More records will be broken before long
Even without those big states and their billions, Cunningham noted a 225% growth in legal betting handle took place nationally between 2018 to 2020, reaching $21.5 billion last year. States regularly broke their monthly records for betting volume in the last half of 2020.
“This held true in just about every state, new and old,” he observed. While February numbers aren’t matching prior months, due to a short month with a lack of football and a post-Super Bowl lull, Cunningham sees a return soon to the highs of late 2020 — and beyond.
“There’s no real reason this trend is going to stop anytime soon,” he said. “March has the potential to continue these record-breaking numbers thanks to the NCAA tournament.”
He sees states that are still relatively new to the industry — such as Michigan, Colorado, and Tennessee — putting up strong handle numbers from the get-go, offering optimism about future revenue for them and for states that want to emulate them.
Operators have become more experienced launching in various states and adjusting to regulations in each, Cunningham said. That made it possible for a double-digit number to be prepared to start on the first day it was permissible in Michigan, a scenario he suggested wouldn’t have been feasible a year or two ago when operators were still learning their way.
“You’re going to see this trend of many operators trying to get into market early and get the first grasp of customers,” the Kambi analyst said. “You’ve got to strike while the iron’s hot, and make sure you’re getting that first swing at customers.”
The race for initial customers can be costly
Cunningham added in his Michigan analysis, however, that having all those competitors jumping in at once can produce negative financial effects. Major industry leaders such as FanDuel and DraftKings actually showed a net loss in revenue in the early weeks of launch due to their promotional giveaways exceeding what they took from bettors.
With sign-up bonuses and odds boosts and can’t-lose bets to attract the first customers, he said, “certain operators were willing to sacrifice profits now in the name of building out customer data base and playing the long game of customer retention.”

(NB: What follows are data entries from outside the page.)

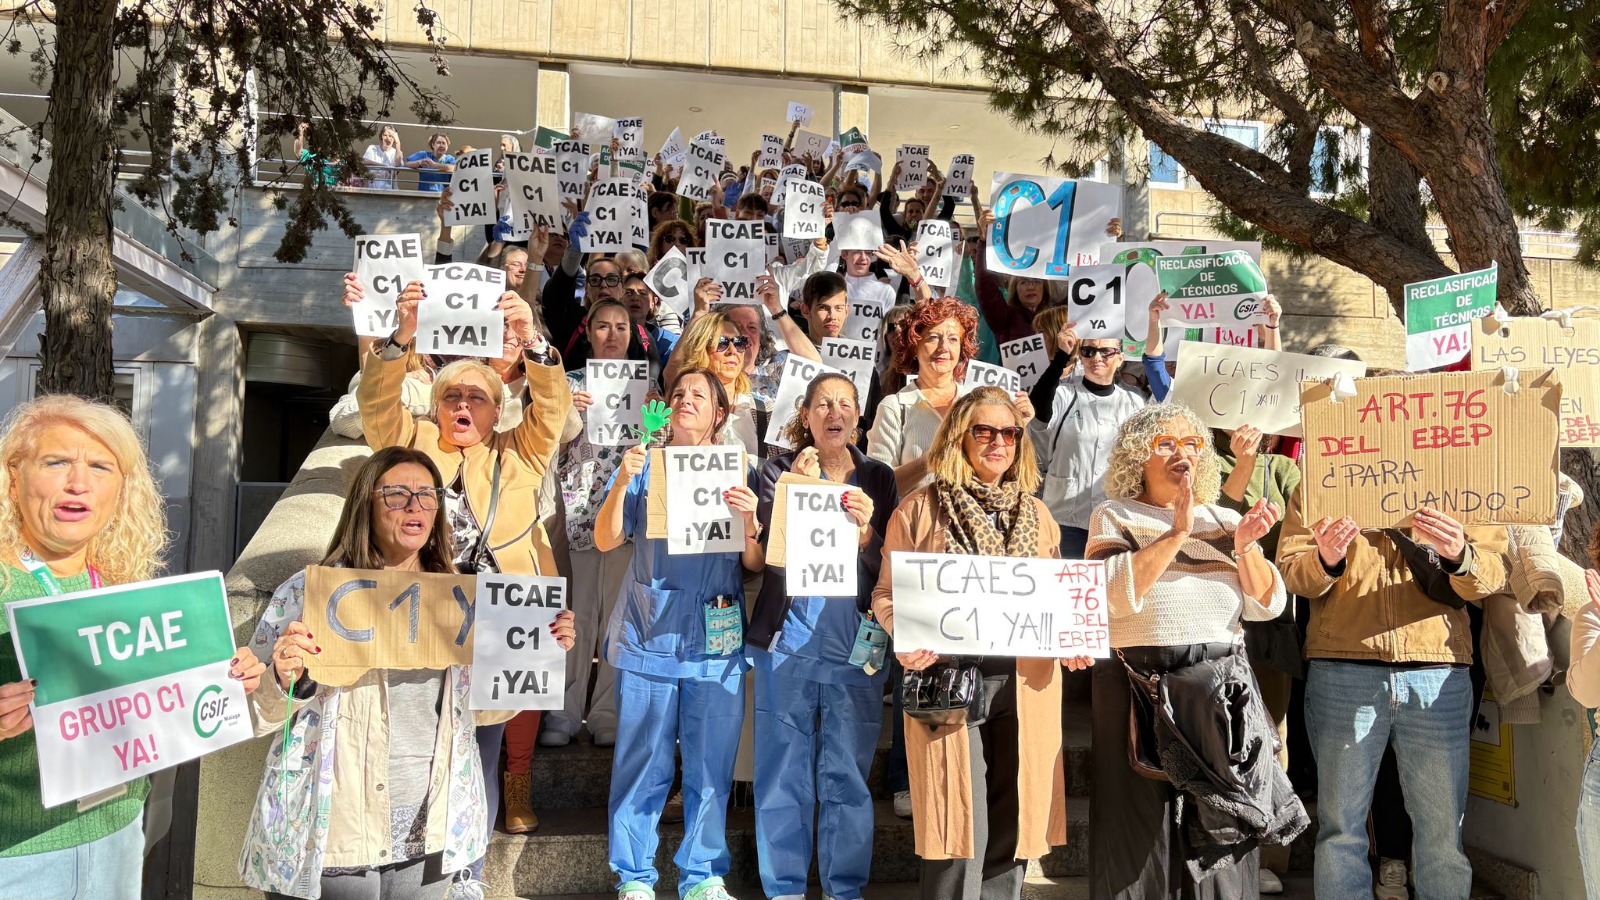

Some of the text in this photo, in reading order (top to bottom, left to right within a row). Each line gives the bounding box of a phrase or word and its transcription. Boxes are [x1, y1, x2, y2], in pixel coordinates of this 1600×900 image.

[617, 120, 642, 128] TCAE
[623, 133, 635, 141] C1
[763, 135, 783, 145] TCAE
[554, 142, 590, 155] TCAE
[619, 147, 638, 156] ¡YA!
[690, 143, 723, 165] TCAE
[905, 147, 928, 155] TCAE
[456, 153, 490, 172] TCAE
[505, 154, 556, 174] TCAE
[562, 161, 579, 173] C1
[952, 156, 974, 165] TCAE
[694, 166, 709, 180] C1
[781, 167, 804, 177] TCAE
[905, 173, 922, 181] ¡YA!
[953, 170, 965, 179] C1
[459, 178, 479, 192] C1
[523, 185, 543, 202] C1
[560, 181, 582, 194] YA!
[592, 183, 629, 198] TCAE
[791, 182, 823, 197] TCAE
[947, 185, 967, 194] ¡YA!
[455, 203, 487, 220] ¡YA!
[596, 207, 616, 221] C1
[800, 203, 814, 214] C1
[709, 222, 763, 239] TCAE
[793, 222, 817, 234] ¡YA!
[921, 224, 950, 238] TCAE
[992, 179, 1077, 276] C1
[590, 231, 622, 247] ¡YA!
[357, 239, 418, 259] TCAE
[926, 245, 942, 257] C1
[724, 252, 748, 268] C1
[428, 266, 501, 284] TCAE
[919, 265, 943, 278] YA!
[1200, 271, 1215, 282] DE
[373, 275, 401, 293] C1
[722, 282, 754, 298] YA!
[1181, 284, 1238, 297] TÉCNICOS
[445, 293, 478, 310] C1
[1238, 304, 1259, 313] CSIF
[1456, 294, 1473, 307] DE
[1181, 303, 1215, 319] YA!
[1434, 305, 1491, 327] TÉCNICOS
[1090, 320, 1106, 329] YA
[432, 325, 488, 350] ¡YA!
[862, 328, 879, 341] C1
[827, 343, 873, 361] TCAE
[1002, 337, 1043, 358] TCAE
[1432, 331, 1467, 356] YA!
[1481, 346, 1600, 368] LAS LEYES
[589, 362, 647, 380] TCAE
[1017, 363, 1036, 377] C1
[1198, 355, 1280, 382] TCAES
[971, 365, 1018, 392] TCAE
[606, 393, 631, 411] C1
[1561, 415, 1599, 427] DEL
[598, 424, 639, 443] ¡YA!
[1318, 422, 1493, 456] DEL EBEP
[674, 453, 738, 471] TCAE
[1321, 459, 1423, 488] ¿PARA
[693, 487, 721, 506] C1
[685, 521, 731, 546] ¡YA!
[810, 528, 836, 547] C1
[801, 563, 844, 588] ¡YA!
[905, 559, 1036, 596] TCAES
[1054, 563, 1103, 587] ART.
[486, 582, 562, 609] TCAE
[1068, 588, 1099, 610] 76
[326, 579, 477, 647] C1 Y
[1072, 613, 1108, 627] DEL
[78, 610, 188, 666] TCAE
[506, 627, 540, 650] C1
[1003, 612, 1053, 651] YA!!!
[1058, 630, 1108, 649] EBEP
[492, 670, 549, 700] ¡YA!
[59, 682, 186, 741] GRUPO C1
[200, 697, 229, 721] CSIF
[112, 734, 159, 772] YA!
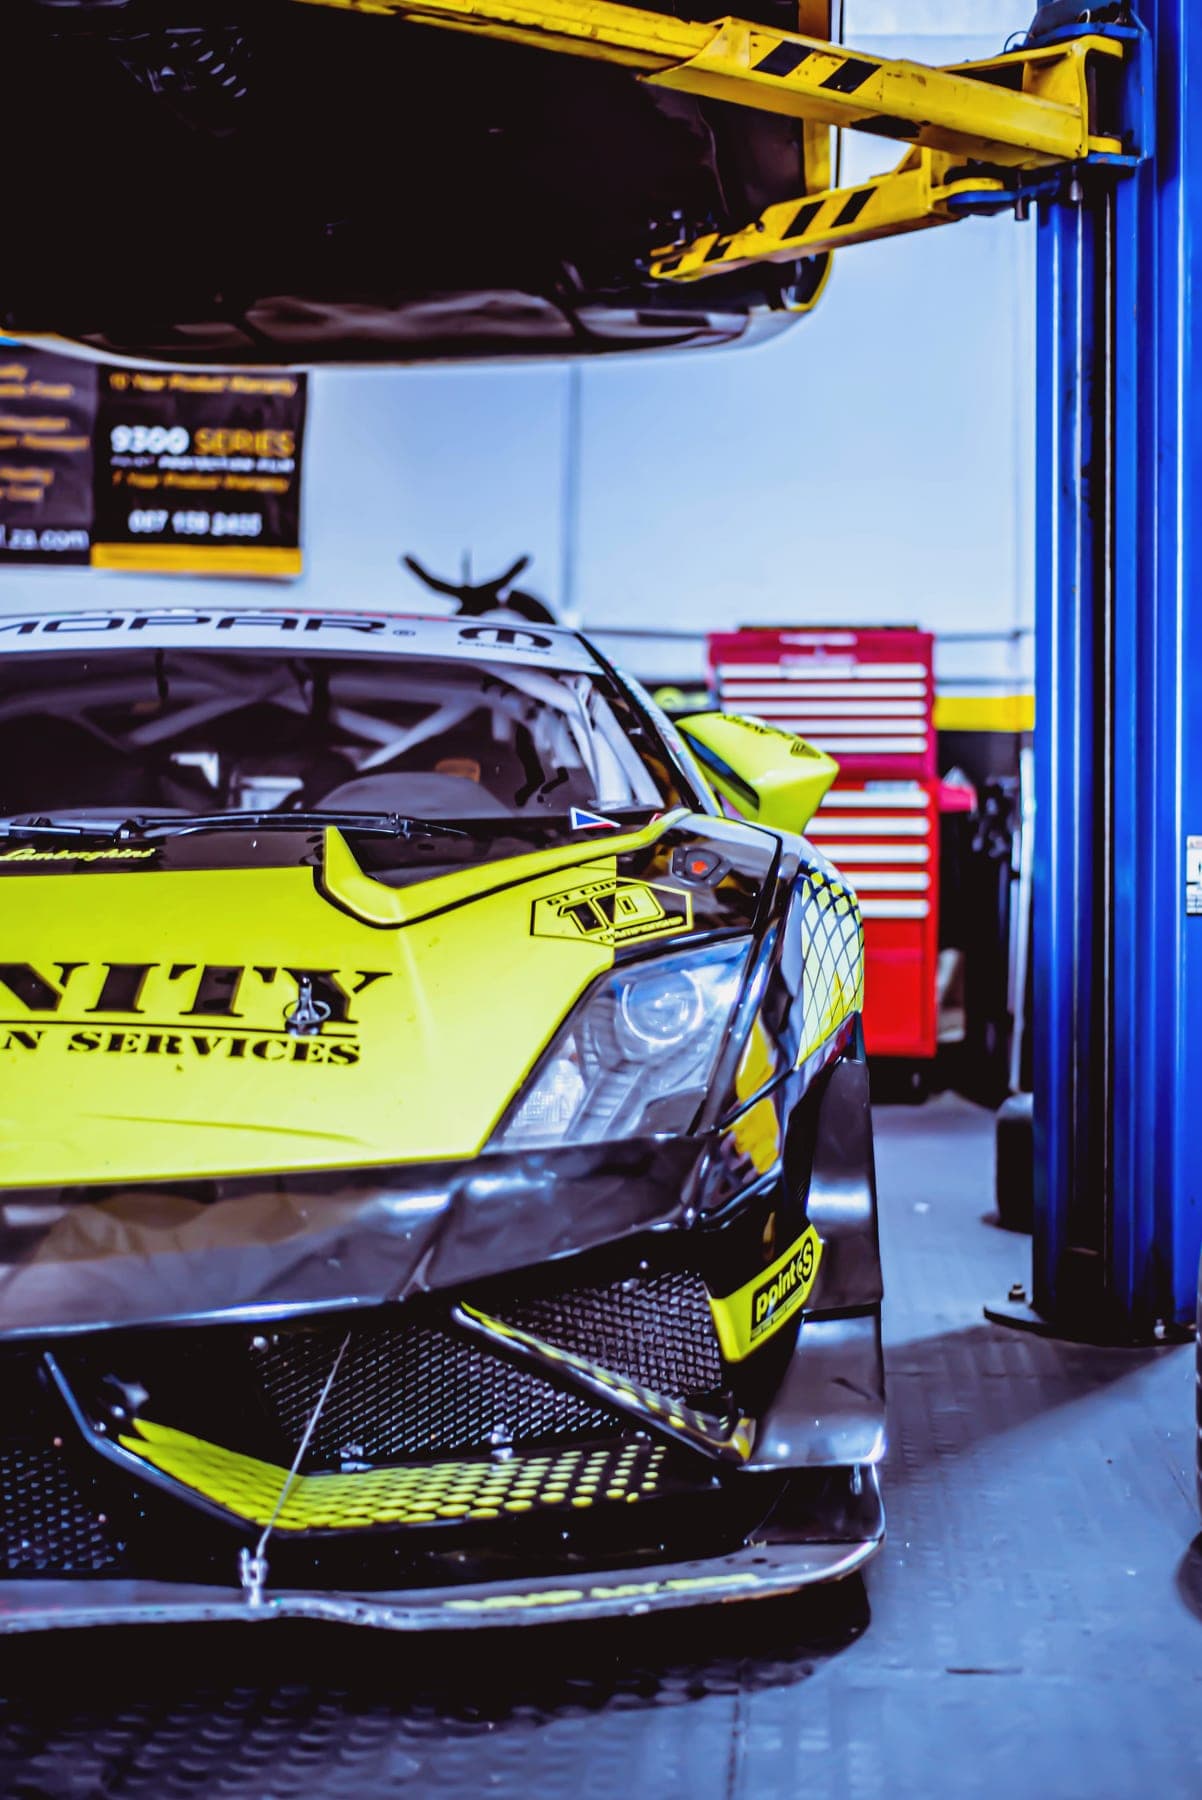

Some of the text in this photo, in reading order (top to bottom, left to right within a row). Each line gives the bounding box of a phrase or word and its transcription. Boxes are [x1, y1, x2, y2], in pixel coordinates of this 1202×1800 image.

[110, 425, 190, 455] 9300
[194, 428, 295, 457] SERIES
[67, 1031, 361, 1065] SERVICES

The exception, Cunningham noted, was Penn National’s Barstool Sportsbook, which showed the best revenue on the plus side out of the gate in January. Its marketing was more driven by a natural reach with fans of the brashly popular Barstool Sports media site and a charitable appeal by Barstool leader Dave Portnoy to help local businesses struggling during the pandemic.
Cunningham, whose company contracts as a partner of Penn National and Barstool Sportsbook, said they are particularly well-positioned to profit from the industry in the future. That’s because Penn National is only operating the online sportsbook thus far in a few of the 18 states in which it has legal market access, so it will be on a huge growth trajectory compared to companies like FanDuel and DraftKings that already established broad presence.
At the same time, everyone will be growing handle and revenue, he noted, due to new states coming aboard and maturation of existing states.
“Even the most established brands and sportsbooks are only a fraction of the way into their product rollout,” Cunningham stressed.
He referred to estimates from the Eilers & Krejcik consulting firm that national revenue could grow to $11 billion by 2025, a seven-fold increase over 2020. Beyond that, he said, estimates for a decade from now have ranged from $20-$30 billion. He saw no reason to doubt those, while noting the pandemic’s effects on state budgets could only accelerate the trend by speeding the pace of additional legalization.